(53) KEBERANIAN #3

1K 113 0
                                    

'PULAU kecil' itu bergerak cepat menuju ke tepian. Kedatangan makhluk asing itu membuat mereka menegang. Selain dari beberapa orang—Lan Wangji, Jin ZiXuan, Jiang Cheng dan Wen ZhuLiu—yang lainnya mulai mundur sempoyongan. Baru saja mereka mengira makhluk bawah air itu akan mengamuk, nyatanya malah berhenti mendadak. Binatang buas yang tadinya tertidur itu bangun karena Wei WuXian meloncat ke punggungnya. Sekarang ini, lelaki itu tidak berani bergerak sembarangan. Dia tetap diam di tempat dan menunggu. Ada beberapa dedaunan maple di permukaan air yang mengelilingi 'pulau kecil' itu, warnanya merah terang, perlahan mengambang dan hanyut. Di bawah dedaunan itu, di kedalaman air telaga, ada sesuatu mirip sepasang cermin perunggu yang berkilauan. Cermin perunggu itu kian membesar dan mendekat. Wei WuXian mengumpat dalam hati. Sambil menyeret Wen Chao, dia melangkah mundur begitu permukaan di bawah kakinya bergetar dan mendadak menyembul naik. 'Pulau kecil' itu terangkat ke udara. Sebuah kepala

binatang buas yang besar dan sehitam arang dengan dedaunan maple di atasnya mencuat dari dalam air! Banyak teriakan menggelegar di bawah sana, tapi makhluk itu malah perlahan memutar kepala. Sepasang mata raksasa memelototi dua manusia di punggungnya. Kepala bundar dari makhluk itu terlihat agak aneh, mirip seperti kepala penyu atau ular. Kalau cuma kepalanya yang dilihat, maka akan lebih mirip ular raksasa. Tapi kalau dilihat dari badannya yang sudah mentas dari telaga, itu terlihat seperti seekor... Wei WuXian, "... Sungguh... kura-kura... yang besar..." Itu bukan kura-kura biasa. Apabila kura-kura itu nyasar ke lapangan latihan Lianhua Wu, cangkangnya saja bisa menyesaki seluruh lapangan bela diri. Bahkan lengan tiga pria dewasa besar sekalipun tidak akan bisa menyentuh mahkota gelapnya. Terlebih lagi, kura-kura biasa tidak akan bisa menjulurkan kepala dari cangkangnya sepanjang badan ular, memutar kepala, memiliki mulut penuh gigi taring kuning yang saling-silang, apalagi mempunyai empat cakar tajam yang terlihat cukup gesit. Wei WuXian bertemu pandang dengan sepasang mata emas yang besar itu.
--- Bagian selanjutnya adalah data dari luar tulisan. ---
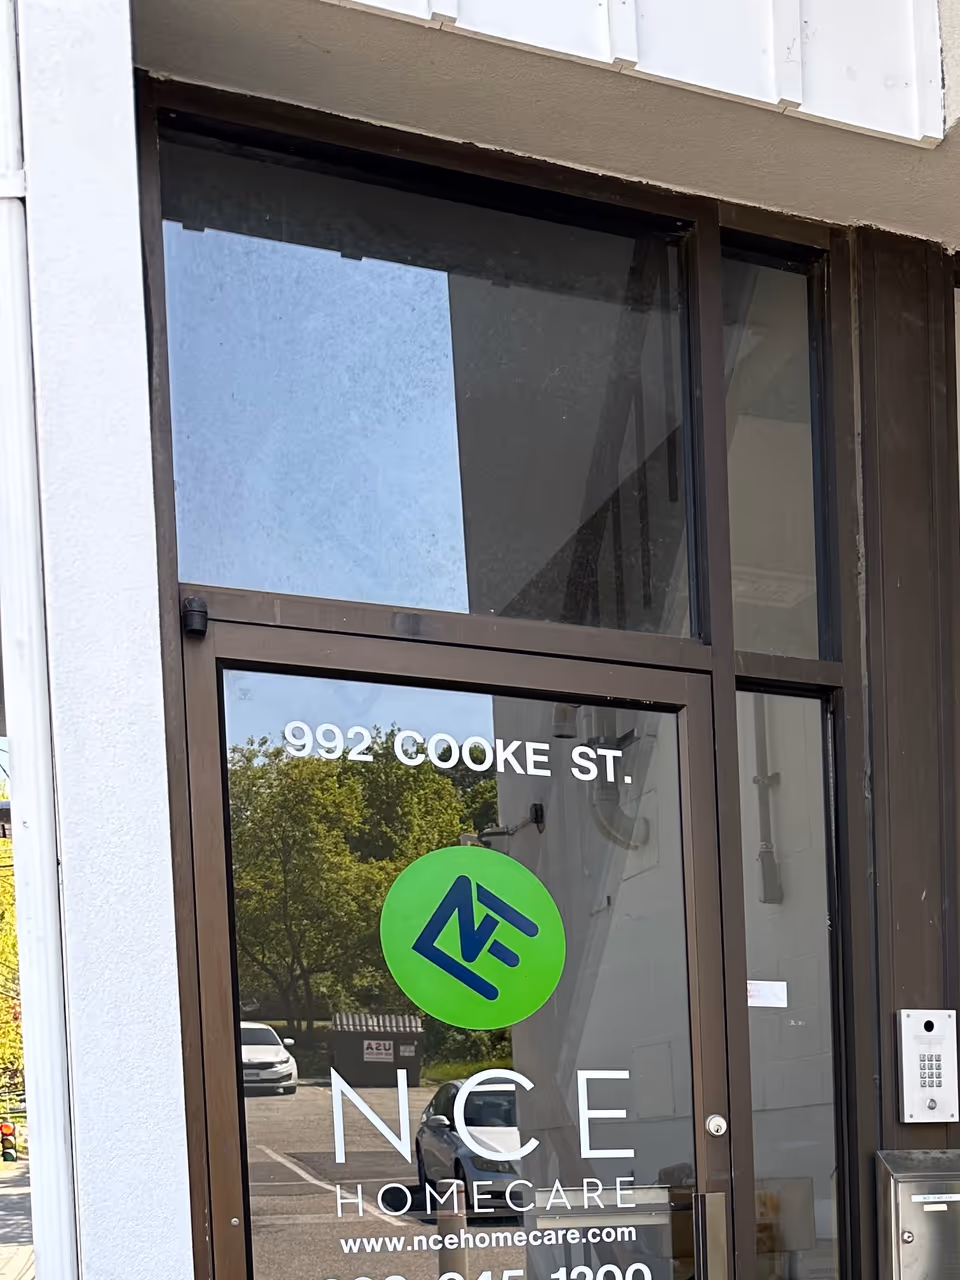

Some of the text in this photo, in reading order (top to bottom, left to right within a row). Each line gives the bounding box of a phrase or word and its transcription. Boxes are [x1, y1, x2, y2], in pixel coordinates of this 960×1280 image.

[284, 721, 632, 784] 992 COOKE ST.
[330, 1067, 635, 1164] NCE
[336, 1177, 637, 1218] HOMECARE
[340, 1225, 637, 1254] www.ncehomecare.com
Pupilnya kecil dan tipis, seperti pupil ular, tapi ketebalannya berubah, seolah mata itu sedang memfokuskan pandangan dan masih tidak tahu apa yang berada di belakang punggungnya.
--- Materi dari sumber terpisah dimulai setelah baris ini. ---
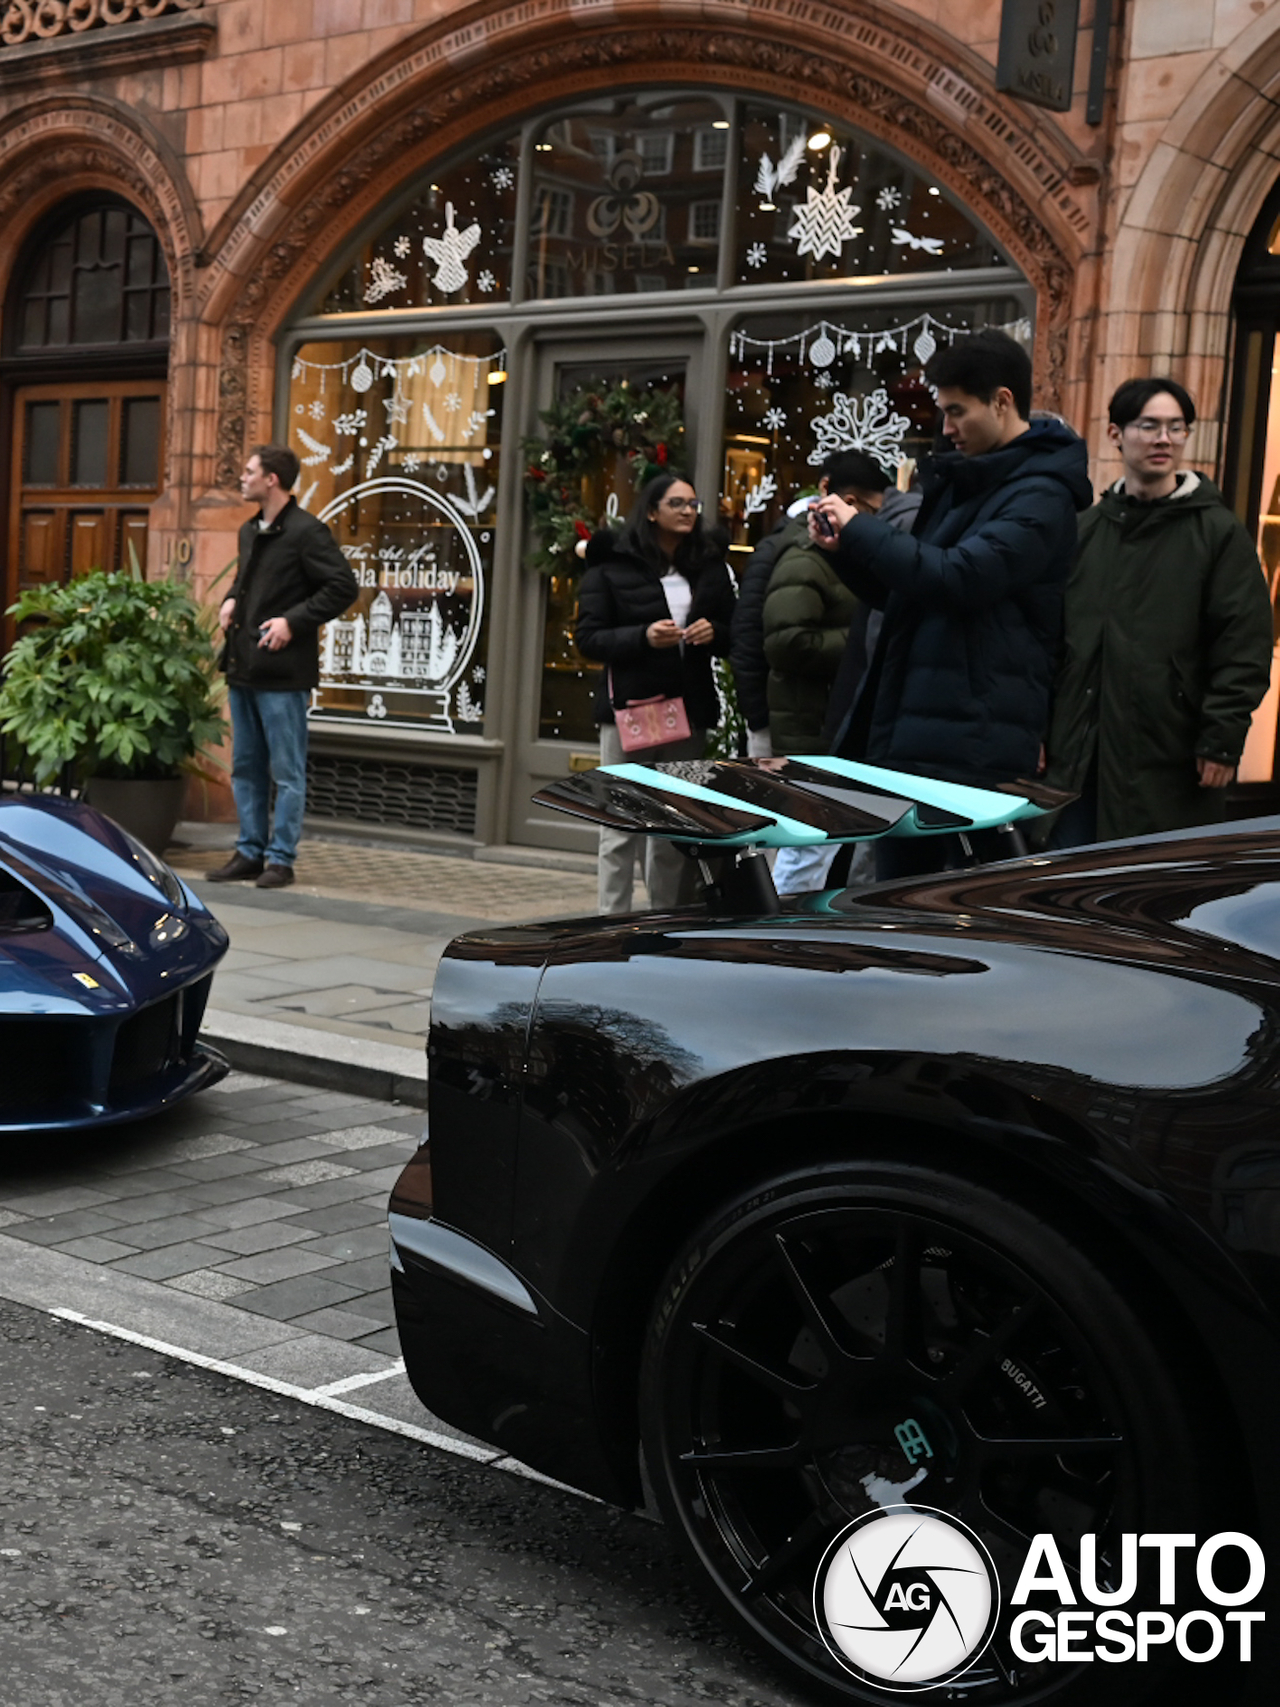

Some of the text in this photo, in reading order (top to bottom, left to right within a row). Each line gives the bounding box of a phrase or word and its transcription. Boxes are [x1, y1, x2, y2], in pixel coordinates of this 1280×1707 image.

[566, 242, 675, 272] MISELA
[340, 542, 372, 560] The
[382, 561, 460, 597] Holiday
[1000, 1358, 1048, 1410] BUGATTI
Sepertinya pandangan makhluk itu juga seperti ular—tidak begitu bagus. Selama mereka tidak bergerak, makhluk itu pasti tidak akan sadar. Mendadak dua semburan uap air keluar dari lubang hidungnya. Dedaunan maple yang tadinya mengapung di atas air kebetulan berada di dekat hidungnya. Makhluk itu menyembur bersin karena merasa gatal. Wei WuXian masih tak bergerak, berdiri diam seperti patung. Namun pergerakan kecil itu membuat Wen Chao takut setengah mati. Wen Chao tahu bahwa binatang buas ini begitu haus darah lebih dari apa pun. Melihat hidung itu menyemburkan udara, dia mengira kalau makhluk itu akan mengamuk. Wen Chao pun mengabaikan pedang di lehernya dan berteriak ke arah Wen ZhuLiu yang berada di tepian kolam, "Kenapa belum menyelamatkanku?! Selamatkan aku sekarang! Tunggu apa lagi?!" Jiang Cheng mengumpat dari balik giginya yang mengertak, "Dasar tolol!" Dari dua benda asing di depan matanya, salah satunya menggeliat seperti cacing dan mengeluarkan suara bising yang menusuk telinga. Makhluk itu pun mendadak terpancing. Kepala menyerupai ularnya ditarik cepat sebelum tiba-tiba menjulur. Taring hitam dan kuningnya terbuka lebar saat menyerang ke arah punggung!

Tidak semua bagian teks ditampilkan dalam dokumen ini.